[Stored records]
* * * * *

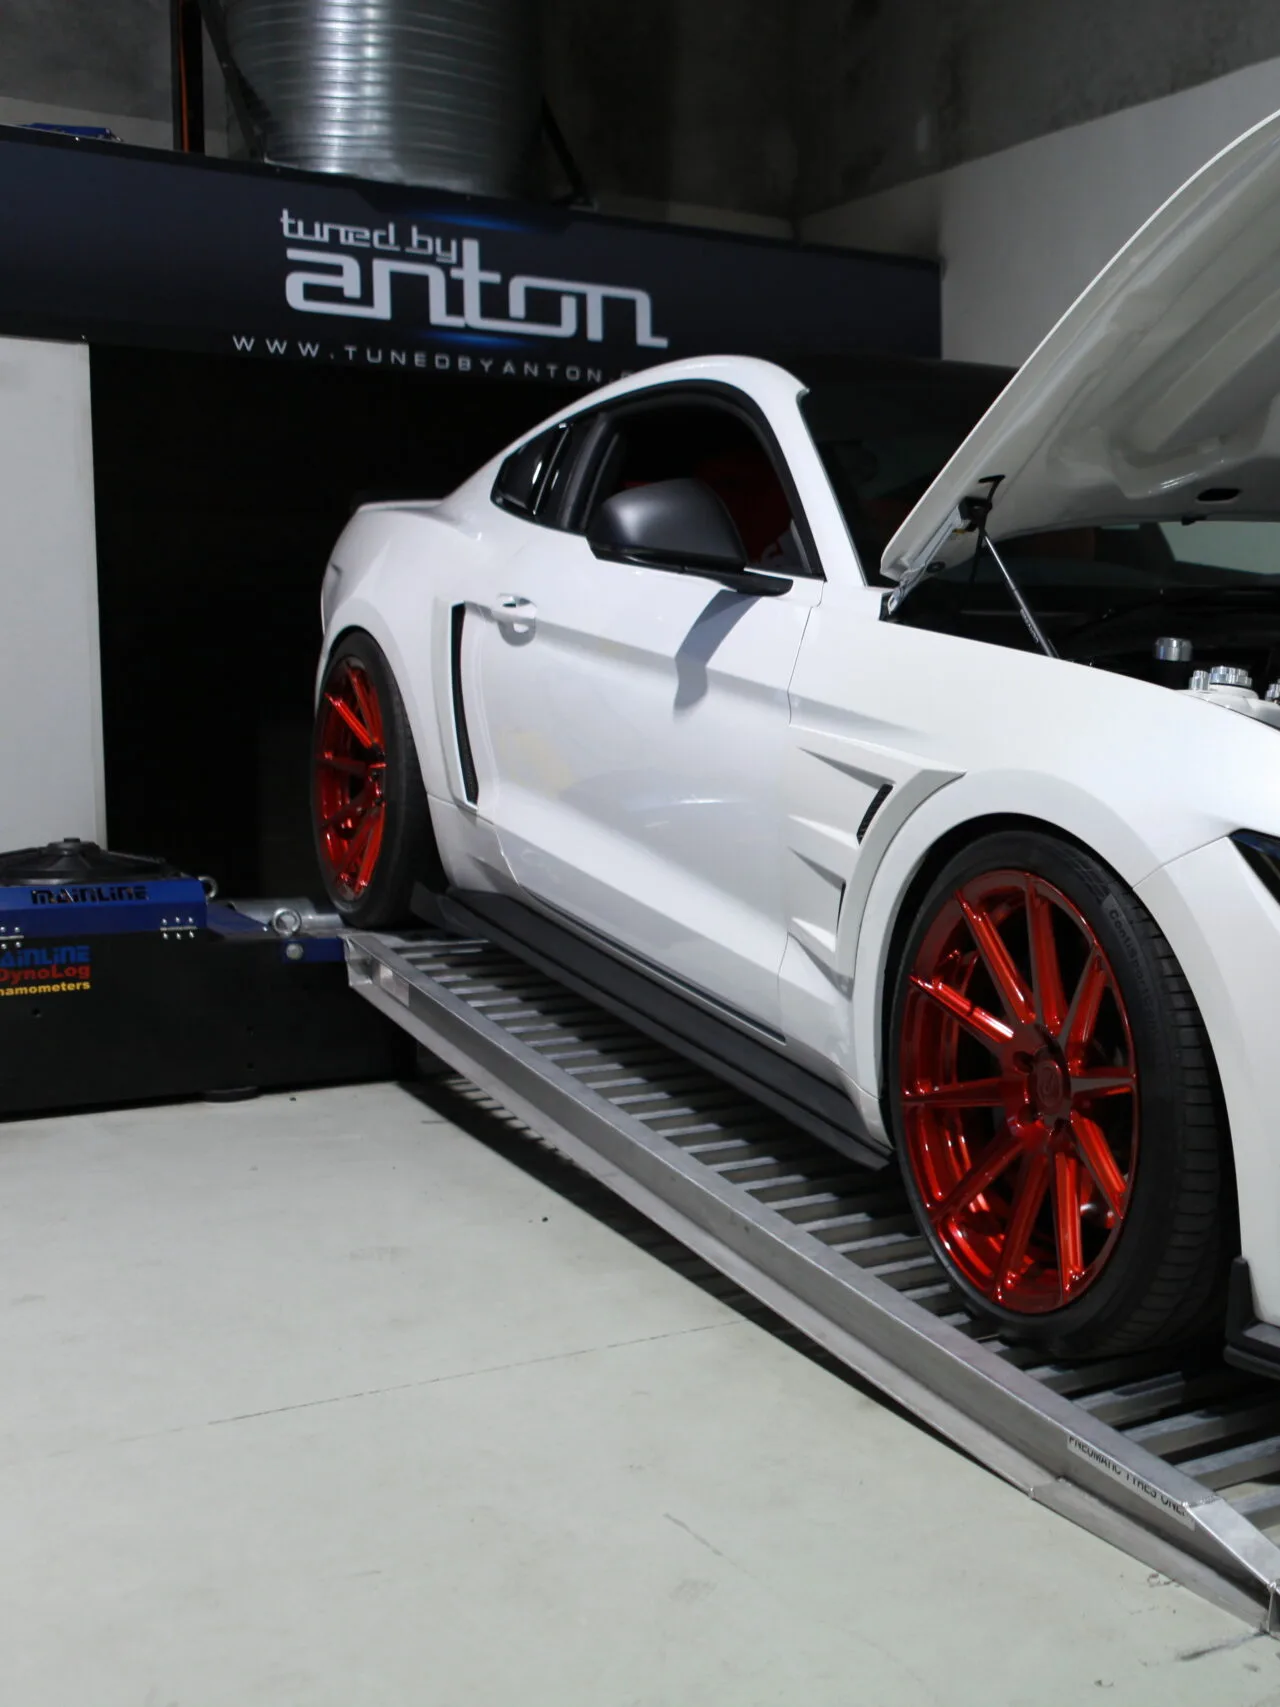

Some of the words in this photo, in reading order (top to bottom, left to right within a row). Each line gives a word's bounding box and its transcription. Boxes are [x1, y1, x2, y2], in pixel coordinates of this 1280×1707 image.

[280, 208, 401, 252] tuned
[405, 225, 458, 264] by
[285, 238, 669, 349] anton
[232, 335, 633, 384] WWW.TUNEDBYANTON.
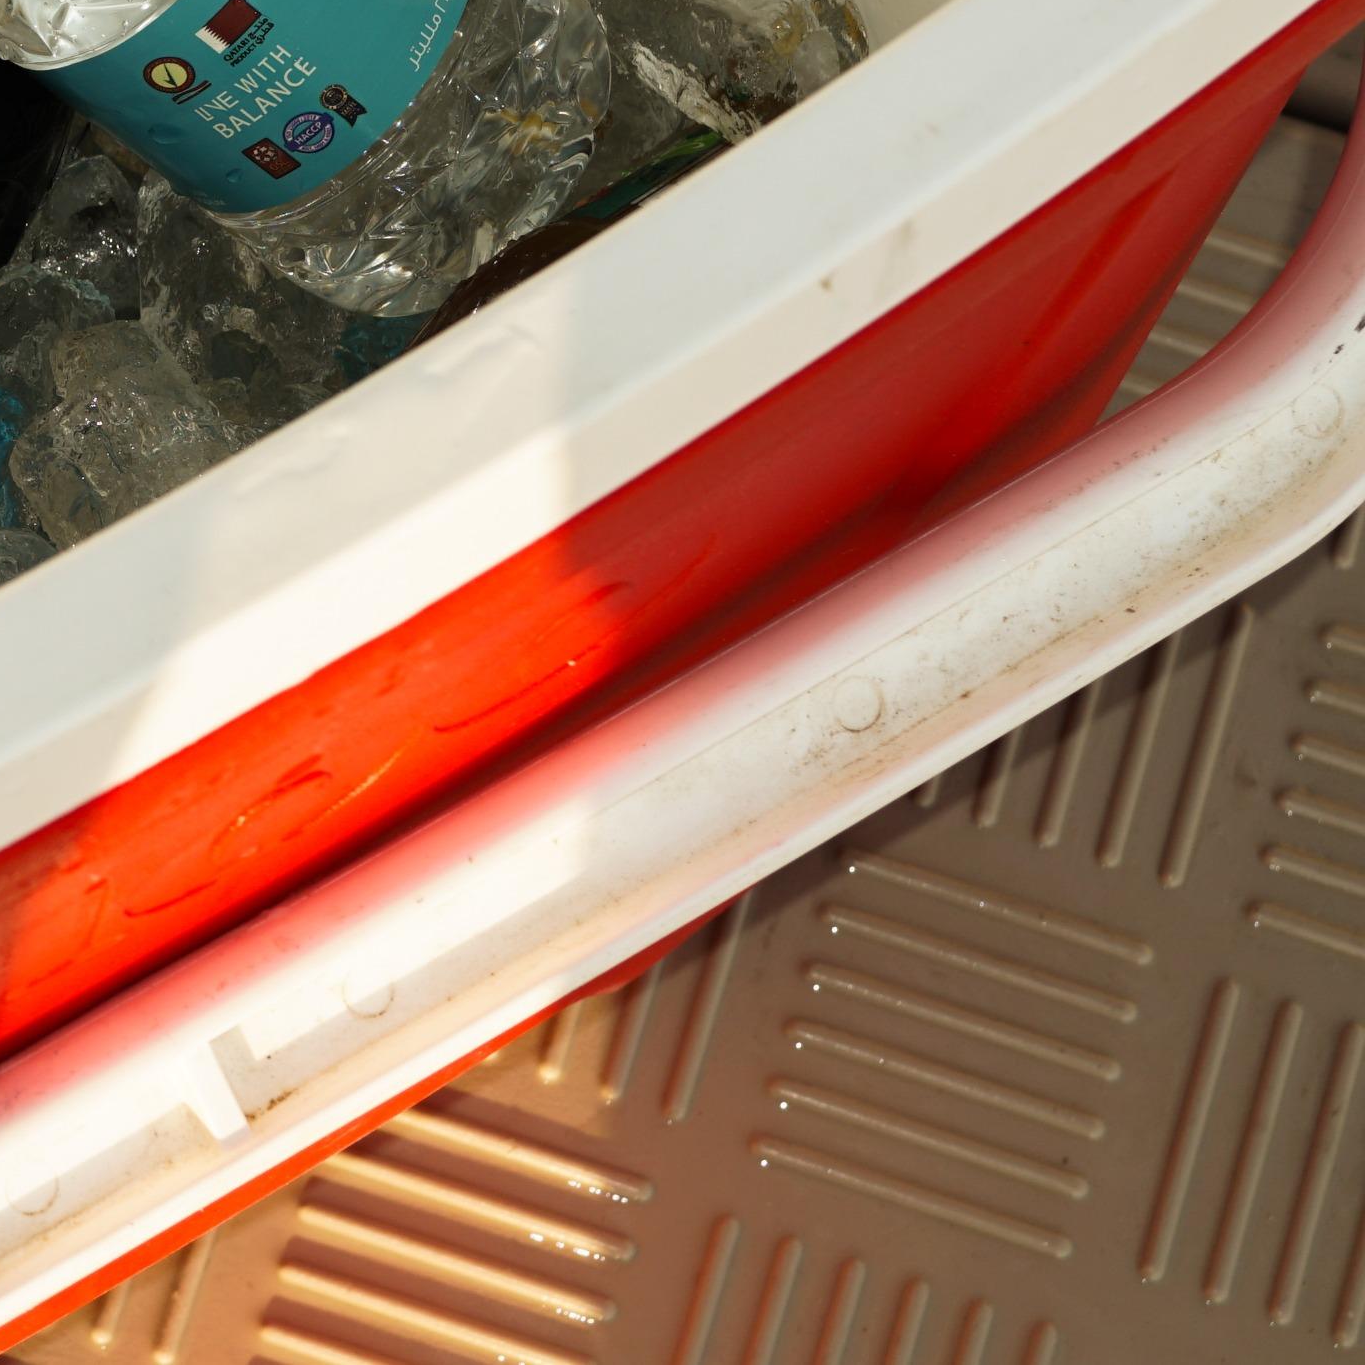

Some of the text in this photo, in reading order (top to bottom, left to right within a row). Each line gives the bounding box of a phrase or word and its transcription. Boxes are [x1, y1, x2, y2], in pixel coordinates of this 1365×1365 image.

[221, 36, 250, 63] QATARI
[193, 86, 240, 125] LIVE
[232, 40, 292, 99] WITH
[211, 52, 318, 142] BALANCE
[293, 119, 323, 146] HACCP

* * * * *

• [Task instructions] Your answer should be the lines from the one containing "Some of the text" through the end of the records, both included, output exactly and with nothing added.

• [Problem solution]
Some of the text in this photo, in reading order (top to bottom, left to right within a row). Each line gives the bounding box of a phrase or word and its transcription. Boxes are [x1, y1, x2, y2], in pixel coordinates of this 1365×1365 image.

[221, 36, 250, 63] QATARI
[193, 86, 240, 125] LIVE
[232, 40, 292, 99] WITH
[211, 52, 318, 142] BALANCE
[293, 119, 323, 146] HACCP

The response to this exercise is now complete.